Lee Travis is CEO and founder of Home Technologies, a home-systems integrator in Bellevue, Wash. Home Technologies installs and maintains systems for home theater, lighting, networking and security primarily in the high-end residential space and in multidwelling units. When looking for start-up funding, Travis pitched his company to VC firms, but wound up going with angel investors instead.
"Some friends and previous clients put us in touch with VCs, but they generally only do deals in the $3 million to $10 million range, and a lot of them want ownership and control over the company," Travis says. "We raised $2.5 million from 16 different investors, so no one owns more than a small part of the company."
The desire for more institutional funding could change as Home Technologies ramps up its mission to expand beyond its Pacific Northwest base. The company has expanded its dealer locations and, in March, bought a Washington audio/video services company.
"The residential-technology space is growing rapidly and has good margins," Travis says. "The industry has no regional or national players right now, and we're trying to become a regional player."
Solution providers who think they might like to take the plunge into the VC-funding world need to be aware of how these investors evaluate companies; the process is much more rigorous than, say, applying for a small-business loan. But even those who have no desire to attract a VC firm can learn a lot about how to better position themselves to their end users, vendors and distributors.

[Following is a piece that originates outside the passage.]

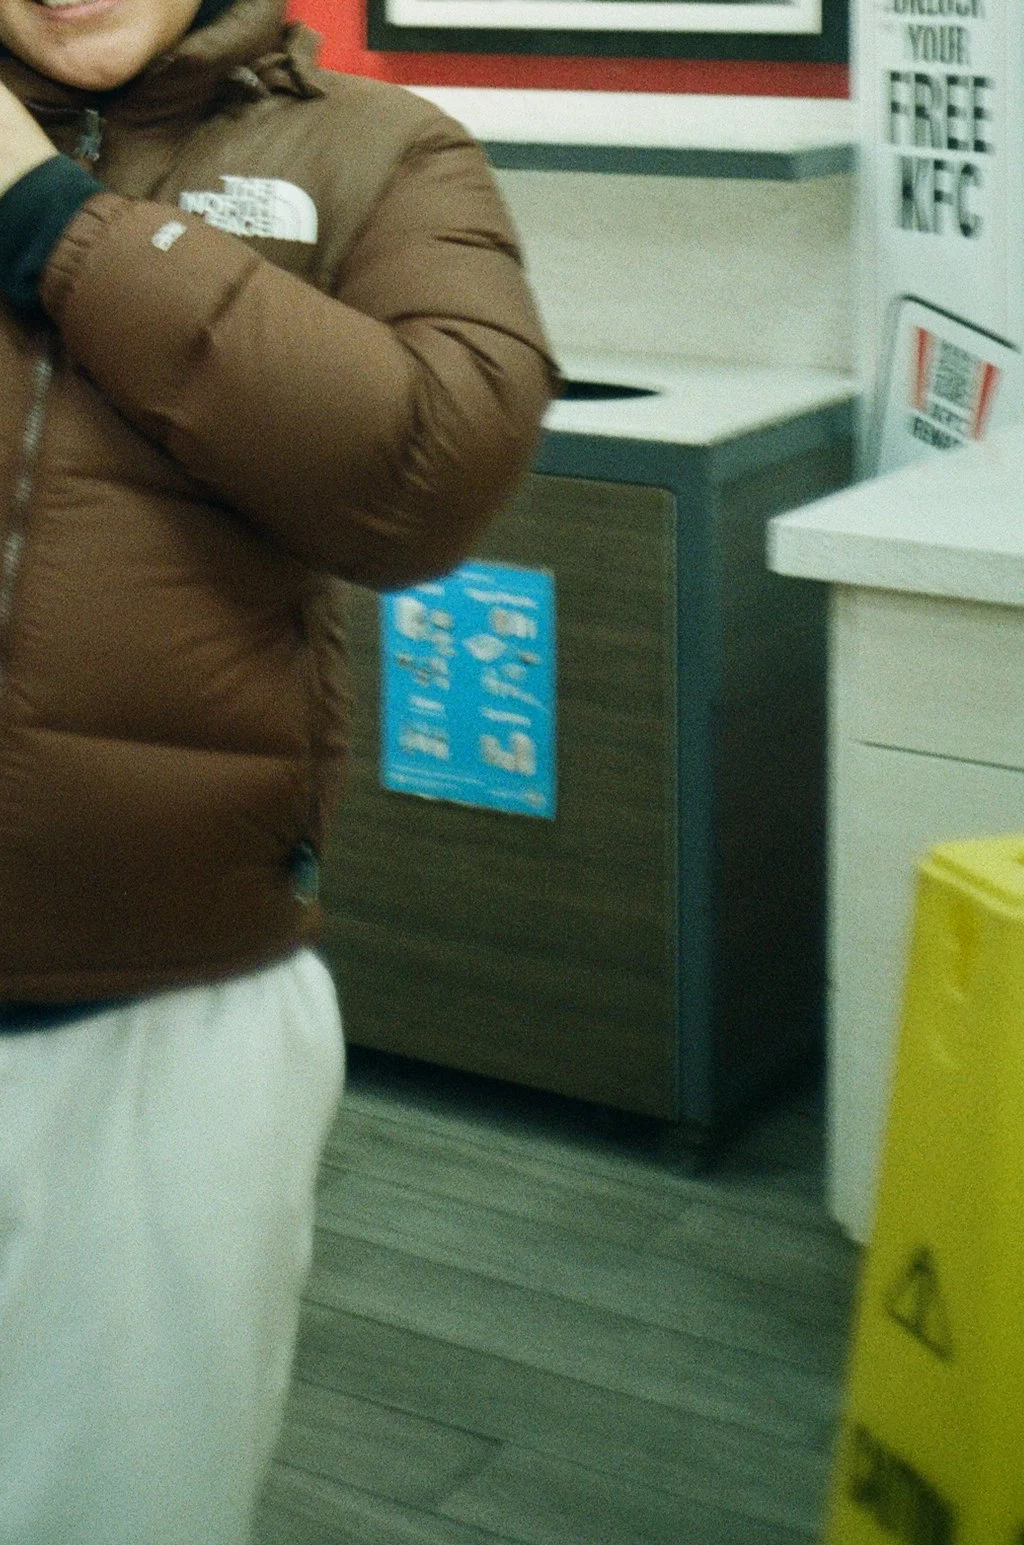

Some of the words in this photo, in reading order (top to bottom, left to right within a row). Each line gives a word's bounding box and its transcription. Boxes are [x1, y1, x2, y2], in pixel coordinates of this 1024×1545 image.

[906, 23, 968, 66] YOUR
[886, 70, 994, 154] FREE
[219, 174, 274, 202] THE
[896, 155, 984, 239] KFC

Lane Berry's Walsh says that to attract VC dollars, it's not enough to just be a VoIP, wireless or security solution provider.
"It's necessary to be in these high-growth markets, but it's not sufficient to secure the funding," he says. "A company's exit strategy is very important, as is the return on investment the VCs can expect."

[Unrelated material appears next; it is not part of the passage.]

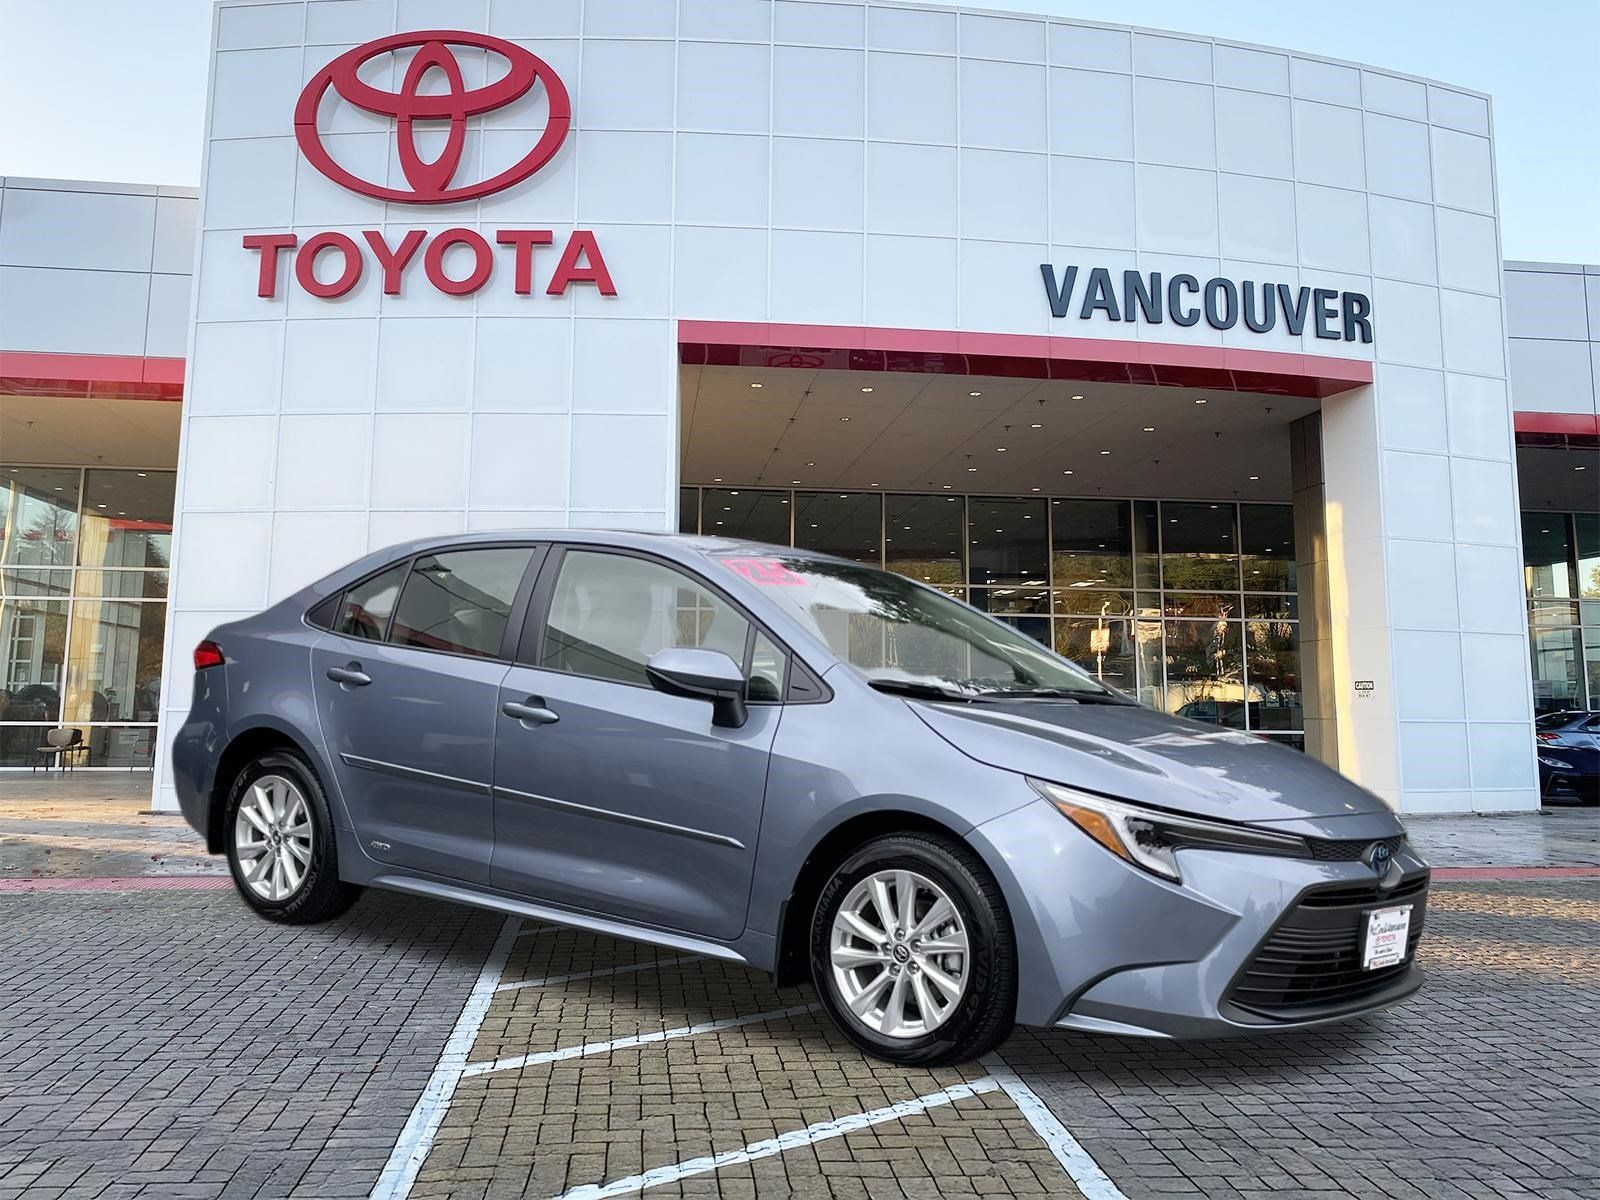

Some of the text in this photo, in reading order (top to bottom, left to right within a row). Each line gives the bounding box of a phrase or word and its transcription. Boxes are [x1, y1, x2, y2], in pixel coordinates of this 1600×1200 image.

[243, 228, 617, 299] TOYOTA
[1040, 263, 1373, 344] VANCOUVER
[285, 871, 320, 913] YOKOHAMA

Travis says that his flirtation with VC firms showed how thoroughly these investors evaluate companies.
"They don't want to see an 80-page business plan. People poke holes in what you give them, then you revise the plan and get answers for the questions they have, so the presentation gets better over time," he says. "At the end of the day, they're buying you--the individual or the management team--but you will get rejected from time to time. Just like sales, it's part of the deal."
Although Home Technologies wound up using angel investors rather than VC firms, Travis says the process helped the company hone its long-term goals.
"We originally planned to franchise our business across the country; half the investors we spoke to were for it, and half were dead set against it," he says. "Now, we plan to grow from three locations to 10 within the next few years."
Any reseller with ambitions to grow beyond its own backyard into a regional or even national player should know that opportunities to do so could be a lot more readily available than most people realize. It's not just an opening for those that are in the emerging markets; the explosion of network usage among small and midsize businesses means those organizations are keen to find resellers that can cater to their unique needs. Plenty of vendors and VARs have been addressing that space for the past few years, but there still are ample openings to expand a reseller's business, perhaps even on a grand scale.
"The midmarket hasn't gotten a lot of attention so far," Walsh says. "The question is whether there are inefficiencies in the market that could be addressed by someone with a plan to integrate all these elements into a single business. It's difficult to tell if the time is right for such an organization, but it's not clear that it's the wrong time."
For VARs who have been pondering whether to expand their businesses into something much more far-reaching with the help of institutional funding, they could discover that there's no time like the present.